Silicon Valley rideshare giant Uber is reducing its workforce by roughly 14 percent — about 3,700 people — as the coronavirus pandemic and stay-home mandates reduce the demand for rides, according to a Wednesday (May 6) regulatory filing.
Uber CEO Dara Khosrowshahi is giving up his $1 million base pay until the end of 2020, the filing with the Securities and Exchange Commission (SEC) also indicated.
“Due to lower trip volumes in its Rides segment and the Company’s current hiring freeze, the Company is reducing its customer support and recruiting teams by approximately 3,700 full-time employee roles,” according to the filing.
Uber anticipates the cuts will cost it about $20 million due to severance and other benefits associated with the layoffs.
“Days like this are brutal … We are looking at many scenarios and at each and every cost, both variable and fixed, across the company,” Khosrowshahi said in a memo to employees, as per a Wall Street Journal report on Wednesday.
“We want to be smart, to move fast, to retain as many of our great people as we can, and treat everyone with dignity, support and respect,” he said.
The worldwide COVID-19 pandemic has triggered an economic crisis and has hit companies in the gig economy particularly hard as people continue to follow stay-home mandates and non-essential businesses remain temporarily closed.

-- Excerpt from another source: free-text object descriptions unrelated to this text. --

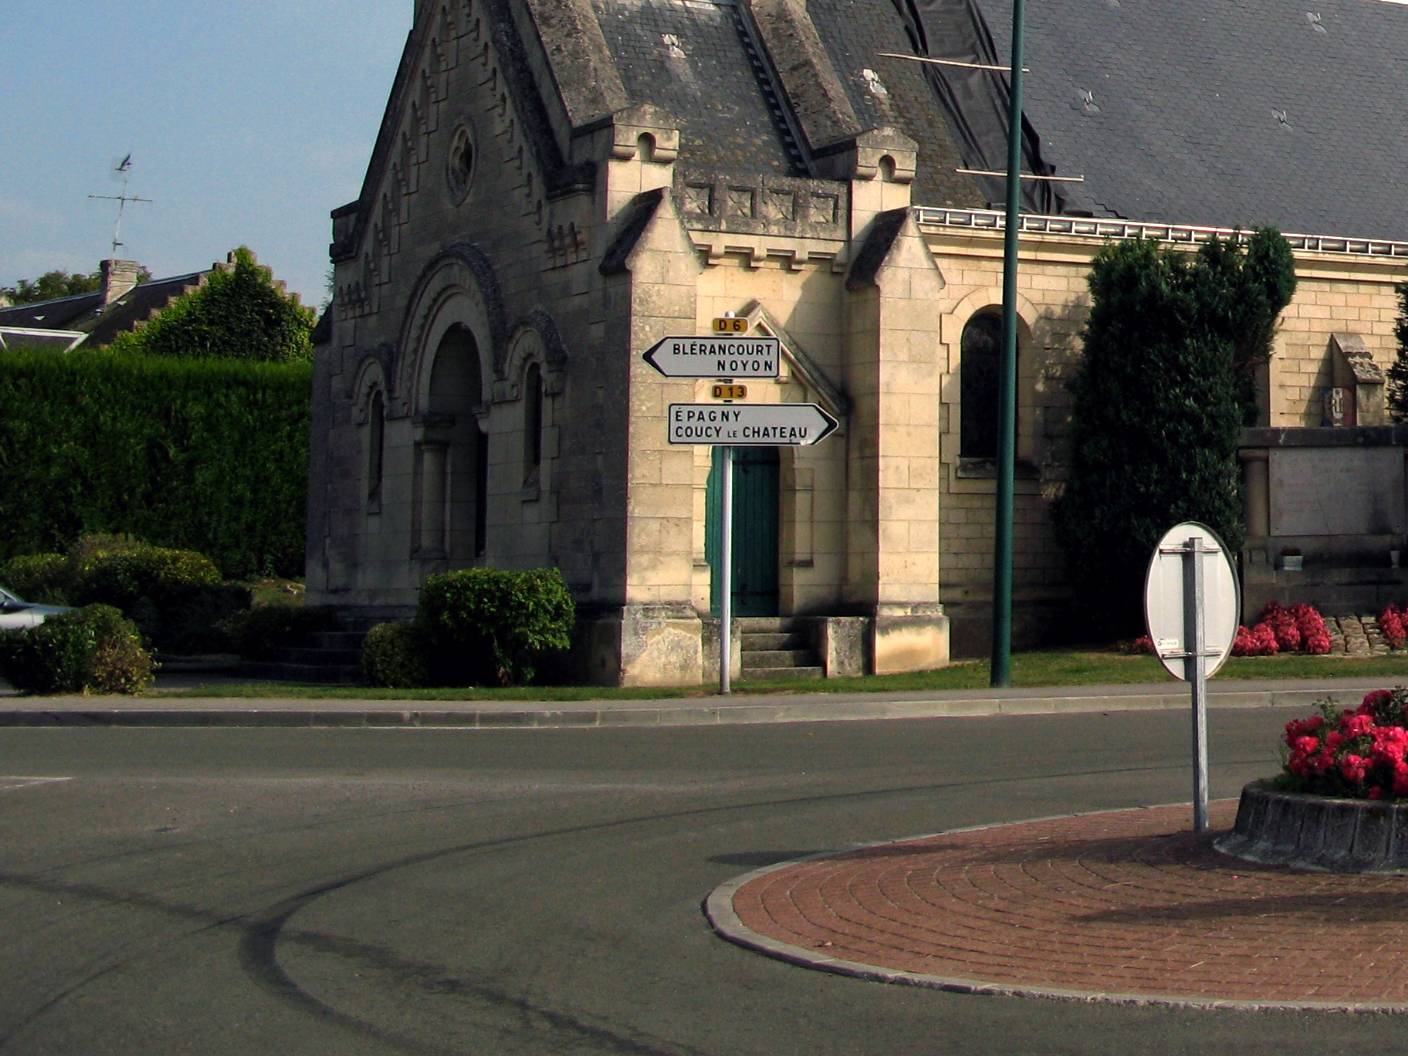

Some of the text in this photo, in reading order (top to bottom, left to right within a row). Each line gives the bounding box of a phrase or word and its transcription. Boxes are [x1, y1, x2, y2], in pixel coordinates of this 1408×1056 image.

[718, 320, 741, 331] D 6
[672, 341, 773, 356] BLÉRANCOURT
[717, 360, 773, 372] NOYON
[714, 387, 745, 398] D 13
[675, 408, 742, 422] ÉPAGNY
[675, 426, 808, 439] COUCY LE CHATEAU

During the week of April 20, rides with Uber were down 85 percent compared to the same week in 2019, according to research firm Edison Trends, as per the WSJ report.
“The impact on the sharing economy will be enormous, even devastating,” Stephanie Balaouras, a vice president at Forrester Research told WSJ.
Uber rival Lyft announced last month that it was reducing its workforce by 17 percent and cutting executives’ salaries May through August. The company said it was laying off 982 employees and furloughing 288 to trim operating costs.